DÉCEMBRE 1942 – AOÛT 1943 : DÉBUT DES DÉPORTATIONS MASSIVES PAR MESURE DE RÉPRESSION ET POURSUITE DES CONVOIS DE LA « SOLUTION FINALE »
L’année 1942 s’est conclue sur l’arrêt des exécutions massives d’otages. Mais cette décision laisse ouverte la question du devenir de ces personnes. La Sipo-SD décide de les déporter en tant que Schutzhäftlinge (détenus de sécurité) vers un camp de concentration, mais de manière spécifique, en utilisant la garantie du secret offerte par le décret Nacht und Nebel . N’ayant pas l’intention de les juger, elle détourne de fait l’étiquette NN pour ainsi envoyer, à partir de mars 1943, des centaines de détenus dans le secret des camps de concentration du Reich. (Th. Fontaine, 2007). Pour autant, les départs de détenus NN appelés à être jugés devant un tribunal du Reich et déportés vers le camp spécial d’Hinzert se poursuivent jusqu’en septembre 1943. Les déportations vers des prisons du Reich de personnes déjà condamnées par un tribunal militaire témoignent, enfin, d’une répression judiciaire du MBF toujours aussi sévère (FMD, Livre-Mémorial, 2004; G. Eismann, 2005).
Cette fin d’année a aussi assuré officiellement à la Sipo-SD la possibilité d’interner administrativement des suspects, sans recours obligatoire à la procédure jusque-là normale et toujours effective d’un jugement devant un tribunal militaire (Eismann, 2007:149). Ne pouvant pas (face au surpeuplement des lieux d’internement) et ne souhaitant pas (face aux risques encourus en cas de second front de maintenir ainsi des prisonniers dans le dos des troupes allemandes) multiplier les internements en France occupée, la déportation de Schutzhaft (de sécurité, extra-judiciaire) devient ainsi l’horizon de la majorité des personnes arrêtées.

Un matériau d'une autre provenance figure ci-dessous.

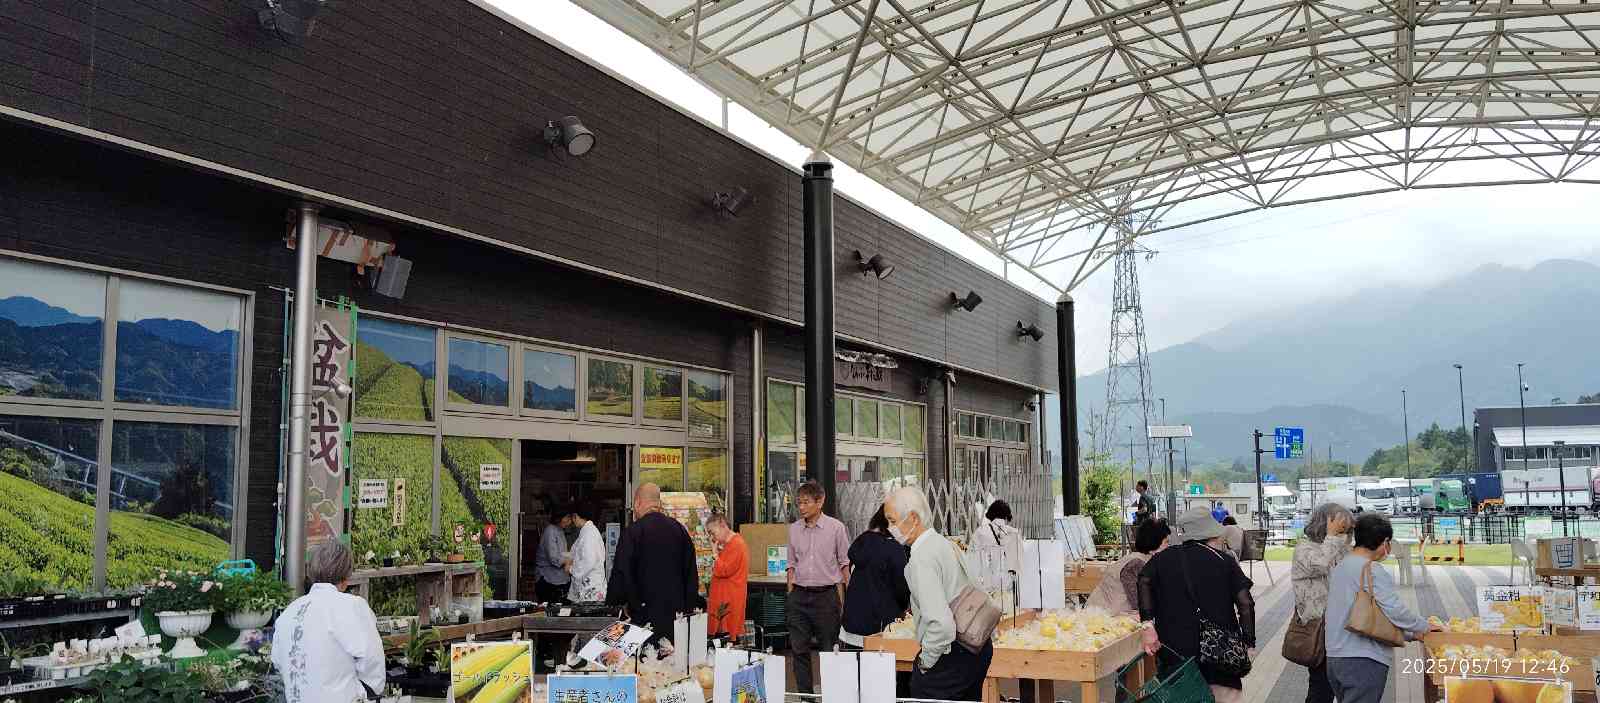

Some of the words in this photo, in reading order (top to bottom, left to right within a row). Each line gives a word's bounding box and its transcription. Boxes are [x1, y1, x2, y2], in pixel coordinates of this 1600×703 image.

Mais, à ce choix répressif correspond également le virage opéré par le système concentrationnaire nazi depuis le printemps 1942. « Contrairement à leurs plans, les nazis comprennent, à partir de 1942, que la guerre sera longue, et qu’ils devront la mener dans une situation d’infériorité démographique et économique » (Y. Le Maner, 2005:127). Les détenus des camps de concentration vont dorénavant travailler au profit de l’économie de guerre du Reich (on trouvera de nombreux exemples dans M. Fabreguet, 1999 ; R. Steegmann, 2005 ; B. Streibel, 2005). Les zones occupées deviennent des viviers de main-d’oeuvre, à une période où la grande majorité des Allemands sont mobilisés sur le front. Un décret d’Himmler du 14 décembre 1942, qui demande aux différents organismes policiers du Reich et en territoires occupés l’envoi dans les camps (d’abord jusqu’à fin janvier, puis jusqu’en juin) de 35 000 « détenus aptes au travail », conduits en France aux départs de six convois de janvier à juin 1943, de près de 7 000 déportés au total (Procès des grands criminels de guerre devant le tribunal militaire de Nuremberg, 1949 ; FMD, Livre-Mémorial, 2004 ; E. Rimbot, 2006).

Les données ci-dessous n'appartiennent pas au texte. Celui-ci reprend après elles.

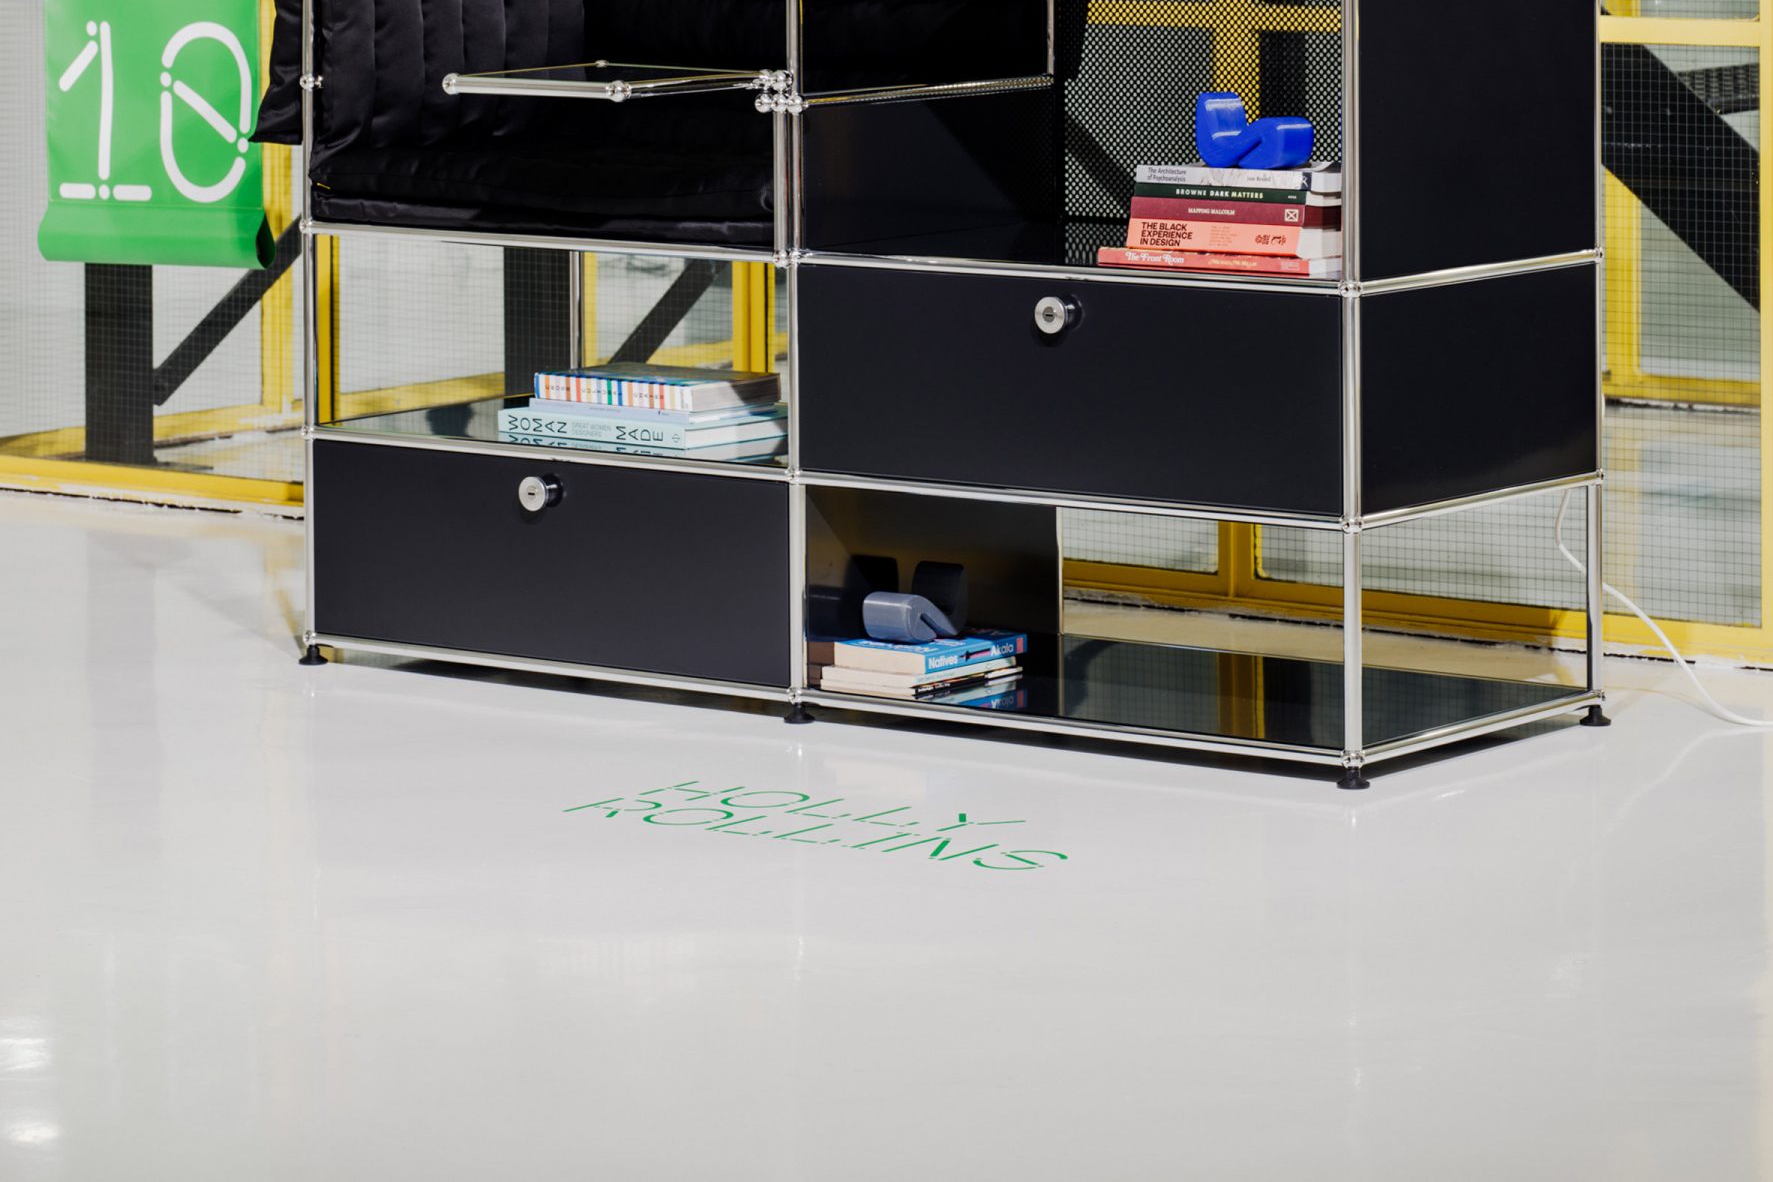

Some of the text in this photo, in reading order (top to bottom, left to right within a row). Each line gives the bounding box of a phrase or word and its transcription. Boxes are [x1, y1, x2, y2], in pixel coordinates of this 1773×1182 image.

[58, 19, 252, 203] 10
[1147, 166, 1187, 175] The Architecture
[1147, 173, 1153, 181] of
[1175, 188, 1207, 196] BROWNE
[1230, 191, 1264, 199] MATTERS
[1141, 221, 1188, 232] THE BLACK
[1139, 237, 1181, 247] IN DESIGN
[1141, 229, 1193, 240] EXPERIENCE
[1125, 251, 1185, 266] The Front Room
[507, 413, 568, 434] WOMAN
[615, 424, 665, 442] MADE
[928, 643, 1014, 669] Natives Akala
[638, 780, 1027, 832] HOLLY
[562, 797, 1069, 871] ROLLINS

Dans le même temps, et après l’absence d’organisation de convois entre la mi-novembre 1942 et début février 1943, la déportation des Juifs de France reprend. Elle est toutefois sérieusement « contrecarrée par l’attitude résolument projuive des Autorités italiennes, ainsi que par les réticences de Vichy sans qui les arrestations massives sont impossibles » (S. Klarsfeld, 1983-2001:209). En effet, les Italiens occupent dorénavant huit départements de la zone Sud : or, les différends apparaissent vite profonds sur la question juive, tant avec les autorités allemandes qu’avec le gouvernement de Vichy. Des milliers de Juifs fuient ainsi les zones occupées par les Allemands pour rejoindre la zone italienne et ainsi se mettre provisoirement à l’abri. Par ailleurs, l’autre possibilité pour Röthke d’obtenir l’arrestation de Juifs, celle entrevue avec la loi de dénaturalisation de milliers de Juifs français qui les rendrait « déportables », ne cesse d’être repoussée par le gouvernement de Vichy, dorénavant à l’écoute de son opinion publique et des nettes critiques de la hiérarchie catholique (S. Klarsfeld, 1983-2001 ; A. Cohen, 1993). Or, en accord avec leur ligne politique initiale, Oberg et Knochen sont toujours décidés à ne pas sacrifier l’ordre en France et leur nécessaire collaboration avec le gouvernement Laval au profit d’avancées extrémistes sur la question juive, qui seraient refusées par le gouvernement français. Le 12 février 1943, dans une note envoyée à Müller, le chef de la Gestapo du Reich, Knochen s’oppose de nouveau à la déportation des Juifs français. Il rappelle les « réalités complexes du contexte politique qui entoure la question juive en France » (S. Klarsfeld, 1983-2001:228). En juillet, lorsqu’il devient évident que le gouvernement de Vichy ne procèdera pas à des dénaturalisations en masse, Knochen freine de nouveau son service des affaires juives qui cherche à organiser, avec les seules forces policières allemandes, une rafle contre les Juifs français. Le service des affaires juives, durant ce premier semestre de l’année 1943, continue donc à arrêter les Juifs étrangers et apatrides, à surtout, grâce à l’aide des services de police français ; tout en demandant aux différents Kommandos de la Sipo-SD en province d’envoyer également un maximum de personnes. S’y ajoutent aussi les Juifs arrêtés dans le cadre d’opérations de représailles, qui ne sont donc pas propres à la seule année 1941.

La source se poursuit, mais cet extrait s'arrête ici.